**EXERCISE DESCRIPTION**
Could you repeat all of the entries word for word, minus any pictures?

★ ★ ★ ★ ★ ★ ★

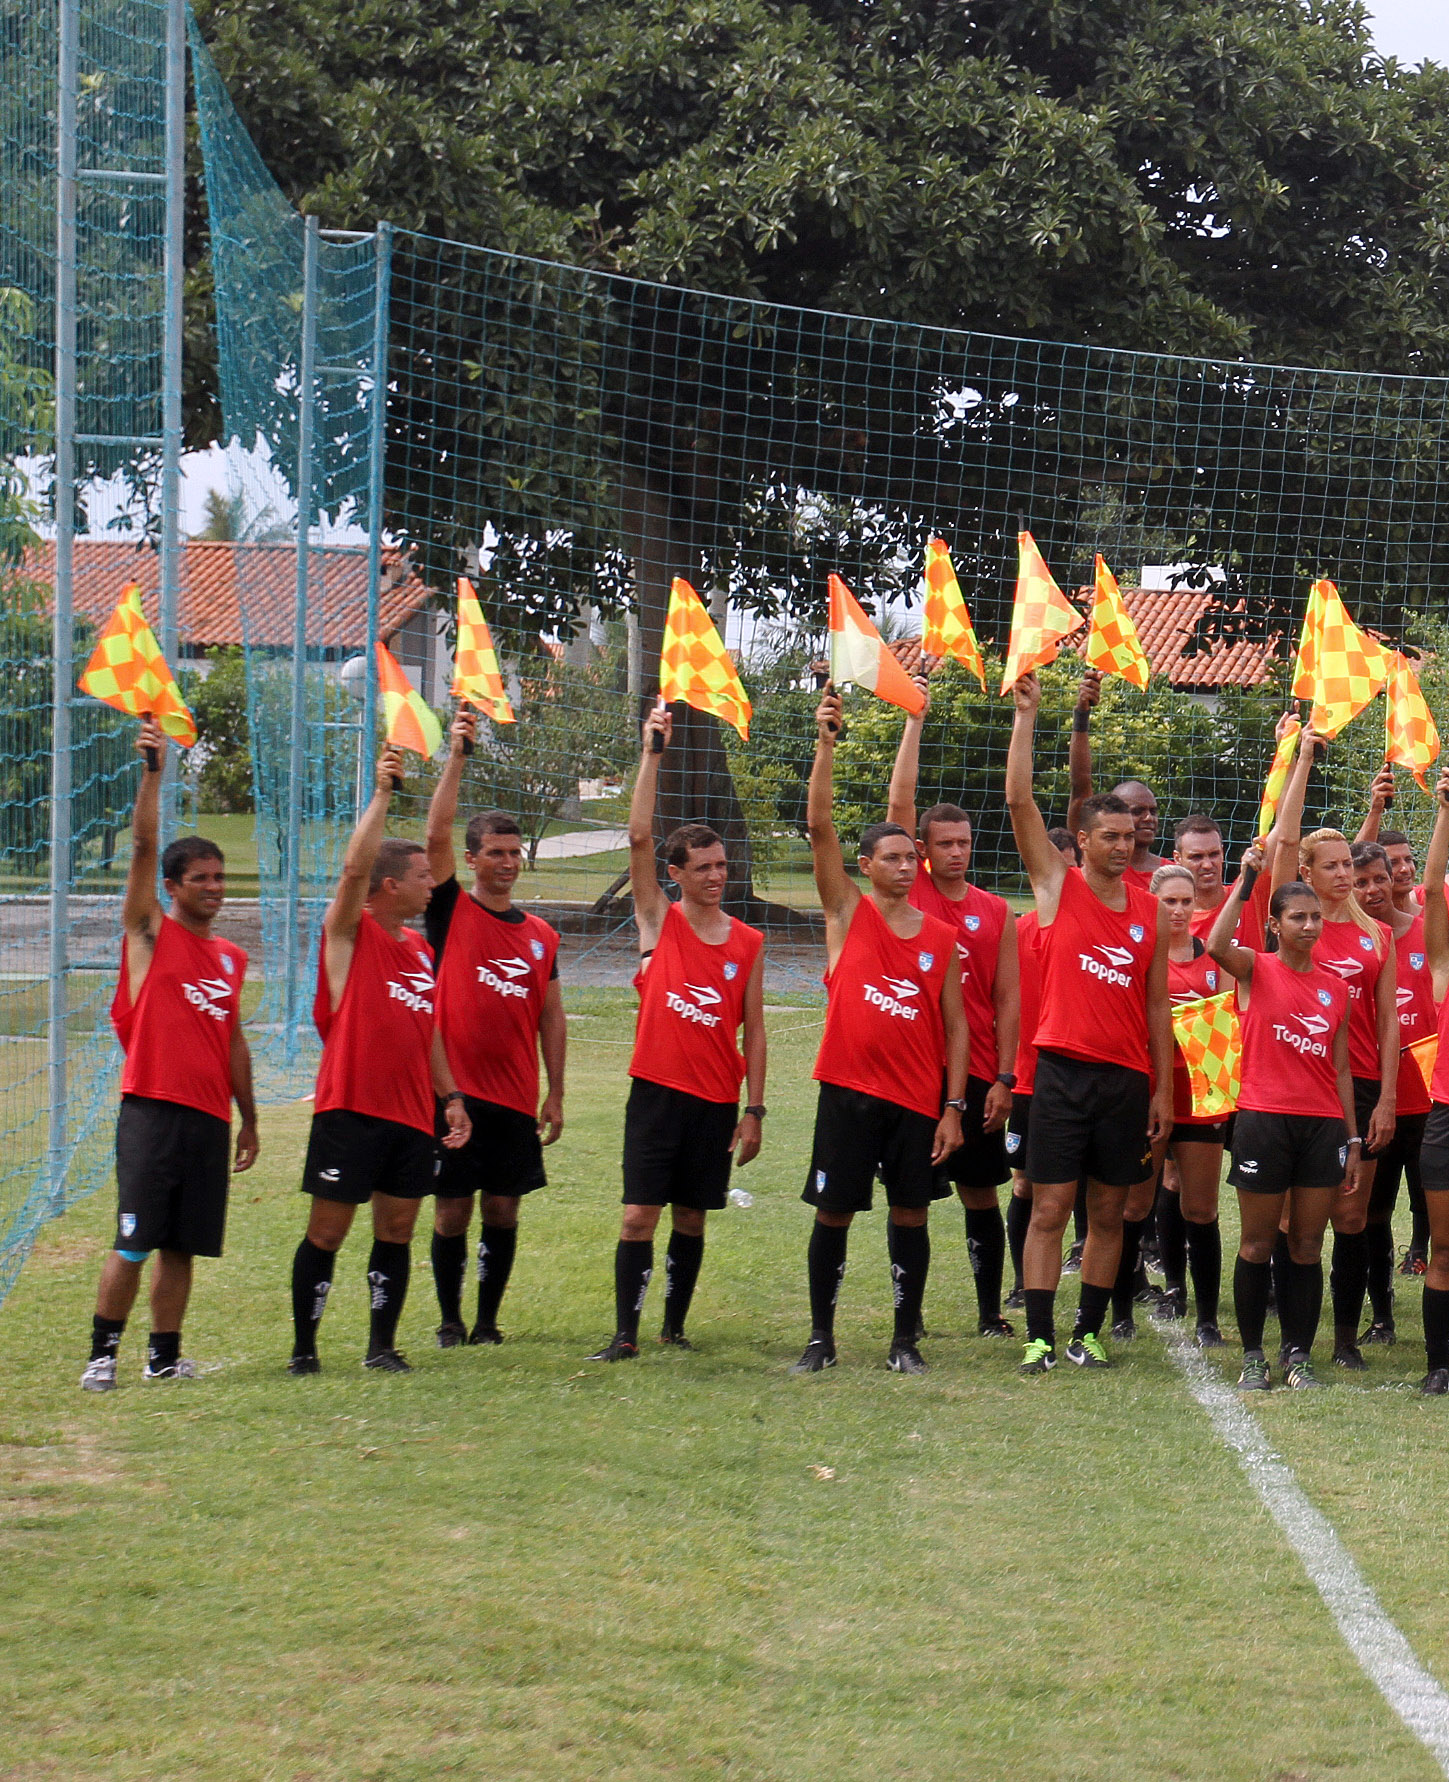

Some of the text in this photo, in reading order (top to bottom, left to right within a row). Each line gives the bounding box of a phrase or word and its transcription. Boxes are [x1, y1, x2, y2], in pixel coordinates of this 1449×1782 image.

[476, 966, 530, 999] Topper
[1078, 953, 1132, 988] Topper
[665, 992, 722, 1027] Topper
[863, 984, 919, 1021] Topper
[1272, 1024, 1328, 1058] Topper

★ ★ ★ ★ ★ ★ ★

**OUTPUT FOR THIS TASK**
Some of the text in this photo, in reading order (top to bottom, left to right within a row). Each line gives the bounding box of a phrase or word and its transcription. Boxes are [x1, y1, x2, y2], in pixel coordinates of this 1449×1782 image.

[476, 966, 530, 999] Topper
[1078, 953, 1132, 988] Topper
[665, 992, 722, 1027] Topper
[863, 984, 919, 1021] Topper
[1272, 1024, 1328, 1058] Topper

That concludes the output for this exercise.